THE DATA Start Marker
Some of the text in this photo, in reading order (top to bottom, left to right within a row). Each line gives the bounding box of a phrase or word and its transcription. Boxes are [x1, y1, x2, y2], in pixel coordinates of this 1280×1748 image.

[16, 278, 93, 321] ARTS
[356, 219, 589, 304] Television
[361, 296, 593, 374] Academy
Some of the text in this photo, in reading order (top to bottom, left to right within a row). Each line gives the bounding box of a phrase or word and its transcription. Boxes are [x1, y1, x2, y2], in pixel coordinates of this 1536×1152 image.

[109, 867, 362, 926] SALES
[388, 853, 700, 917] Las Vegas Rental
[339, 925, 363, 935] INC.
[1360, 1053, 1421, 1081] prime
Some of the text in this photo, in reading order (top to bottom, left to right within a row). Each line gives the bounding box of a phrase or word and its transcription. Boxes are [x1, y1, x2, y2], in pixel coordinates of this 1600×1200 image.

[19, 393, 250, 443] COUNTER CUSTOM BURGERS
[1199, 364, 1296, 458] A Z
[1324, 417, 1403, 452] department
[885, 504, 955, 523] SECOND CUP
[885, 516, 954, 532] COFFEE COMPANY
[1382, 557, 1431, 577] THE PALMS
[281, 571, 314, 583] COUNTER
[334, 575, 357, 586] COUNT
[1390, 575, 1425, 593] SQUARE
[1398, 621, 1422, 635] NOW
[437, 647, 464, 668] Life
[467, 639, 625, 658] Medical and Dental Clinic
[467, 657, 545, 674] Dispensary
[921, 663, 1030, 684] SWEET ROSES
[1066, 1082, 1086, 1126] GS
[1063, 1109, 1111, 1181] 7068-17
THE DATA End Marker
An exact copy of the lines from the one holding "this 1536×1152 image." through the end of the data is the whole answer.

**ANSWER FOR THIS EXERCISE:**
Some of the text in this photo, in reading order (top to bottom, left to right within a row). Each line gives the bounding box of a phrase or word and its transcription. Boxes are [x1, y1, x2, y2], in pixel coordinates of this 1536×1152 image.

[109, 867, 362, 926] SALES
[388, 853, 700, 917] Las Vegas Rental
[339, 925, 363, 935] INC.
[1360, 1053, 1421, 1081] prime
Some of the text in this photo, in reading order (top to bottom, left to right within a row). Each line gives the bounding box of a phrase or word and its transcription. Boxes are [x1, y1, x2, y2], in pixel coordinates of this 1600×1200 image.

[19, 393, 250, 443] COUNTER CUSTOM BURGERS
[1199, 364, 1296, 458] A Z
[1324, 417, 1403, 452] department
[885, 504, 955, 523] SECOND CUP
[885, 516, 954, 532] COFFEE COMPANY
[1382, 557, 1431, 577] THE PALMS
[281, 571, 314, 583] COUNTER
[334, 575, 357, 586] COUNT
[1390, 575, 1425, 593] SQUARE
[1398, 621, 1422, 635] NOW
[437, 647, 464, 668] Life
[467, 639, 625, 658] Medical and Dental Clinic
[467, 657, 545, 674] Dispensary
[921, 663, 1030, 684] SWEET ROSES
[1066, 1082, 1086, 1126] GS
[1063, 1109, 1111, 1181] 7068-17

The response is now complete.